We’ll get back to that.
My last post about feminism had, in a way, remarkable timing—after condemning (albeit sarcastically) women for not throwing down the feminist gauntlet, the recent Facebook-plosion about Representative Akin’s comments about “legitimate rape” not leading to pregnancy caused exactly the Facebook backlash from women that I was eulogizing. Women, it turns out, will put up with a lot, but you damn well better not fuck with them when it concerns legitimizing rape.
I am excited about this revolt. Several writers commented that finally we might have something that would be a catalyst for getting women to rally around that whole feminist thing that got set over in the corner somewhere a hundred years ago. But if that something is going to be rape, (which is fine, because a catalyst can be anything,) we should probably talk about that whole rape thing.
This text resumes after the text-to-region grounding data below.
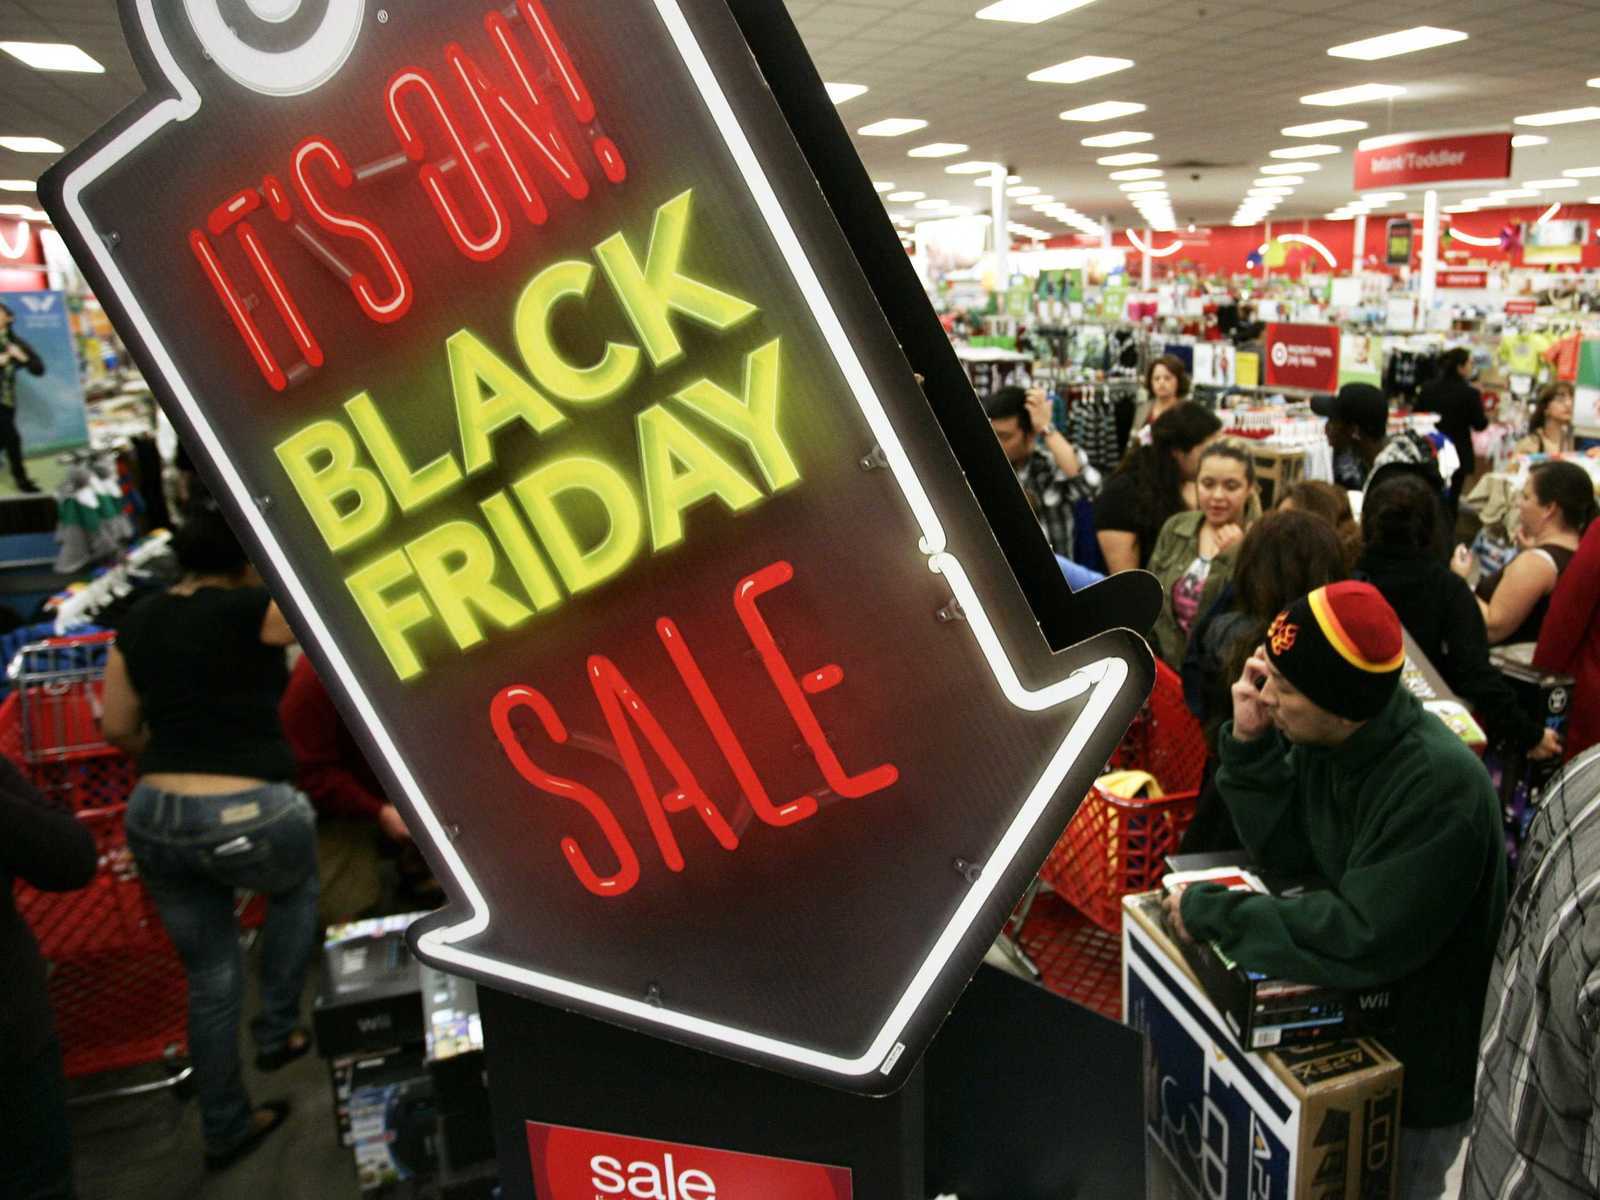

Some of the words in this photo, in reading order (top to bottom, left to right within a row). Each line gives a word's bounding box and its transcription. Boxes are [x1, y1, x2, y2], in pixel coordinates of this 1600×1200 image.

[189, 136, 412, 391] IT'S
[384, 0, 626, 262] ON!
[273, 188, 759, 552] BLACK
[344, 337, 801, 681] FRIDAY
[490, 560, 898, 897] SALE
[1358, 992, 1390, 1011] Wii
[590, 1152, 716, 1200] sale
So, with that in mind, I wanted to continue my thoughts from my last blog—the response to Akin hasn’t fully materialized yet. It’s still shaping up. I’m hoping I can steer it in a particular direction, which is that rape isn’t about women.
I’ll get back to that.
First, a sidenote/parallel about racism:
Racism has been and continues to be a vehicle of convenience for The Oppressors. The Civil War offers a great example of this. The major beneficiaries, the slave owners, didn’t even fight in the damn war. They sent all the less well-to-do white people off to do it, and the male southern population was decimated (as was much of the north) to protect the financial interests of people they didn’t much care for (typical for a war, I’m aware, but that’s not what I’m getting at). Poor white people continued to vote for and oppress black people for… well… indefinitely, but that was just the collateral damage to the original goal—economic dominance for a small number of people. Our slave state, in its beginnings, actually had plenty of enslaved white people, but they kept escaping, what with their tendency to blend in to their surroundings, and thus the slave owners were forced to import more people who looked different and couldn’t as easily duck into a European-colonized settlement. And thus the holocaust of African-American slavery was born, and racism against darker skinned people in the centuries since: collateral damage. I bet when I say to picture in your mind, SLAVES!, you don’t imagine white people, do ya?
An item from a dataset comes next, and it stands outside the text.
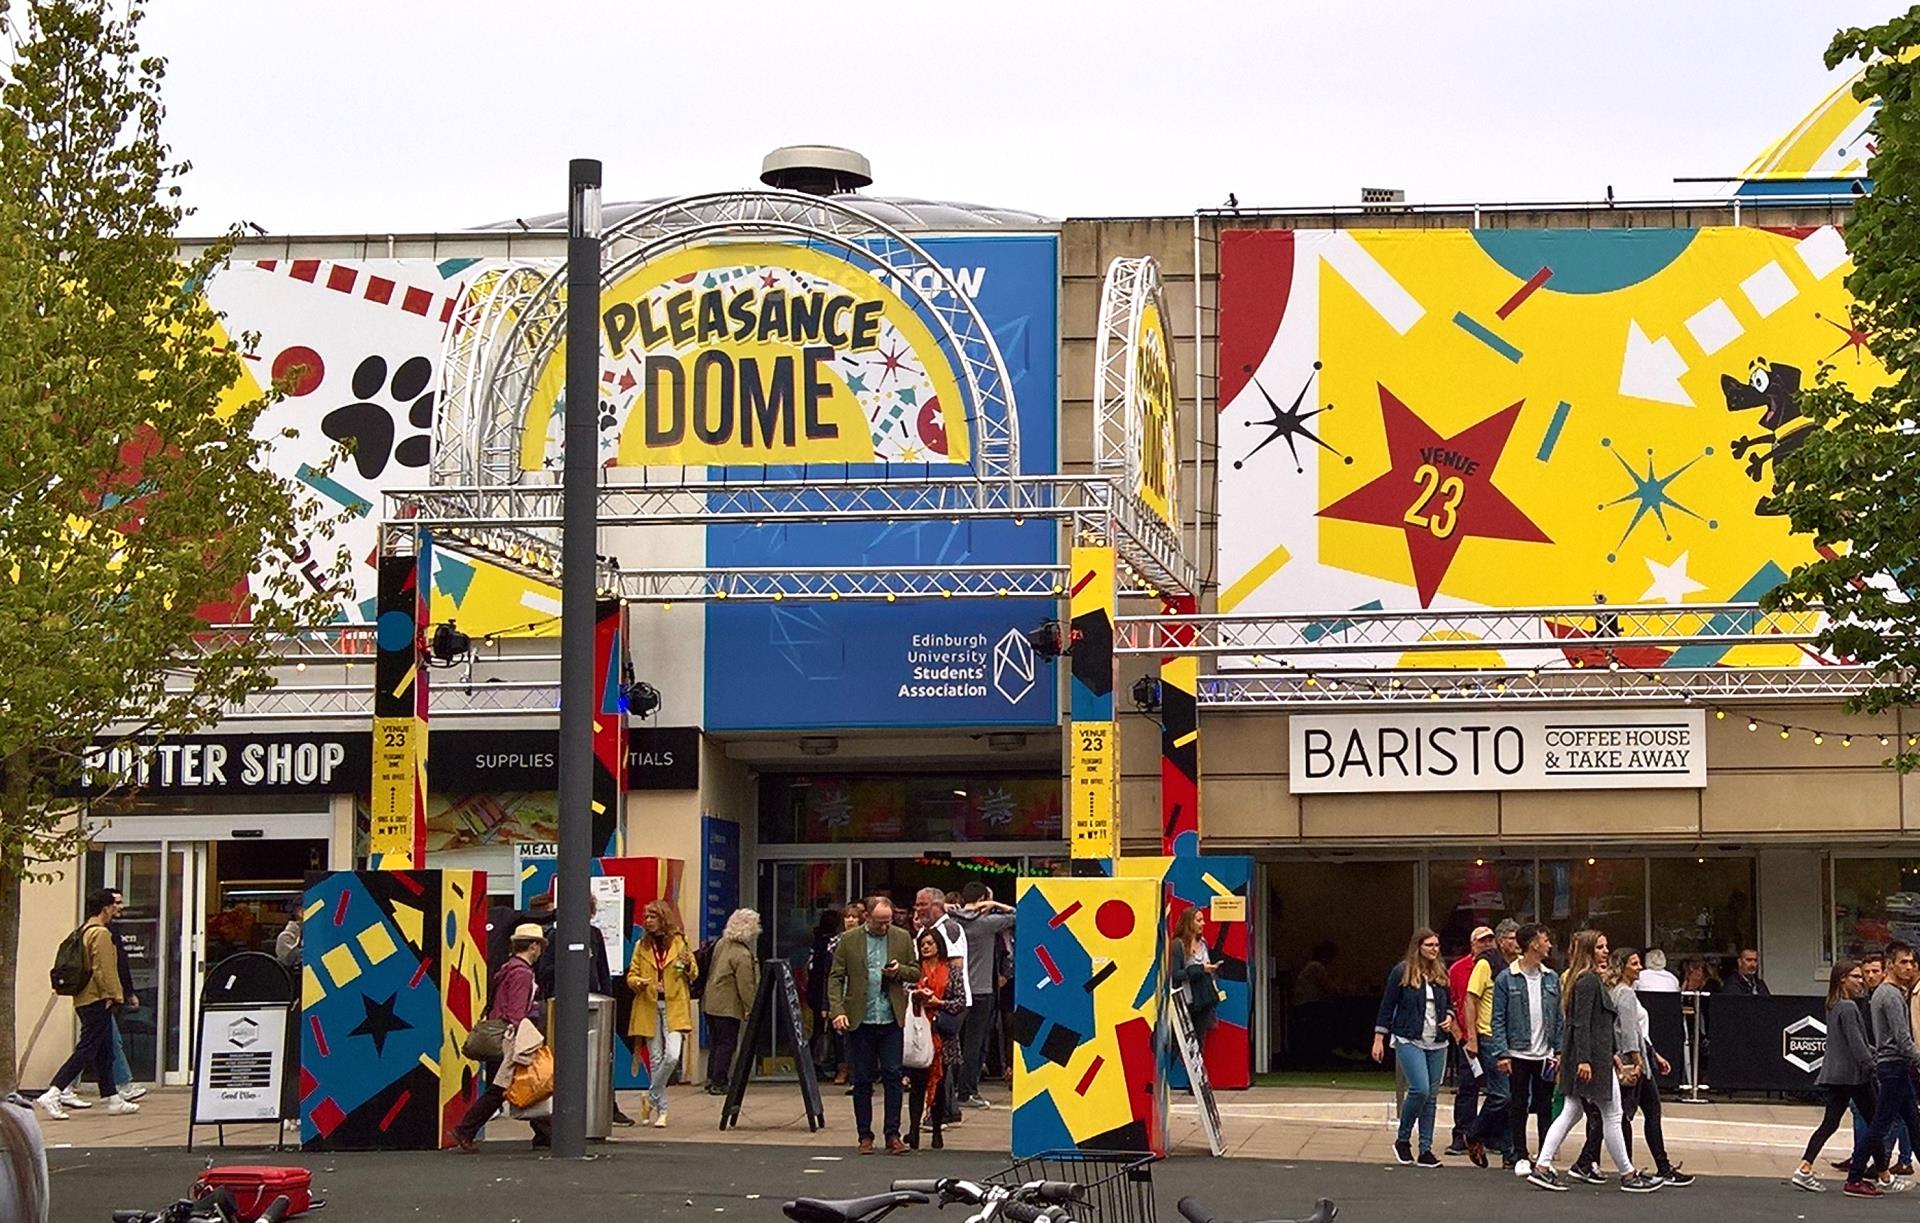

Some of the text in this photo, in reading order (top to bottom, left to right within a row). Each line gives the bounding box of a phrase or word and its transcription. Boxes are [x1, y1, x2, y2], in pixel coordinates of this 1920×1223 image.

So now, we have poor white people, who will literally vote against their own welfare benefits. They’re convinced that they’re getting taxed and undeserving black people are getting the money. I’ve met these people. They own a lot of cats.
But that’s kind of the point of racism, and all power brokering, whether on a nationwide scale, in office politics, or in a jail—give some poor bastards slightly more power (or the illusion of) and prestige than the other poor bastards, and nobody will go after the warden.
We all know this, right?
When I hear people talk about rape, it’s very frequently discussed as though it’s some kind of man vs. woman problem, as though rape were the ultimate reification of men’s subjugation of women. But to put it in those terms is to ignore two pretty obvious points—first, it would run counter to how all of the other major oppression systems work (in which a false power dichotomy is created between two groups, both ultimately victimized by a third), and second, because men are very frequent victims of rape. At the HC convention, Susan pondered out loud why men “still haven’t figured out yet why rape jokes aren’t funny,” and Connor responded that they just don’t understand the fear of rape because it’s not something they’re exposed to.
I thought of saying, “well, I suppose if you’re lucky,” but that would have been an epic downer and I had a projector to carry or something. But it did remind me of the many people I know who have been raped. I contemplate the Hobb’s choice of “do I not fight back and just try to imagine it’s not happening and hope that nothing else happens” vs. “fight like hell, maybe lose half my teeth or potentially get murdered, but make sure I leave enough evidence under my fingernails to send this shitbag to prison.” I think of the people who were raped by their parents, or other family members. Or bought from a foreign country as teenagers. Friends forced to choose between situations, each with a high possibility of rape, weighing the odds. People who had sex as children to pay for food. And half of them weren’t women.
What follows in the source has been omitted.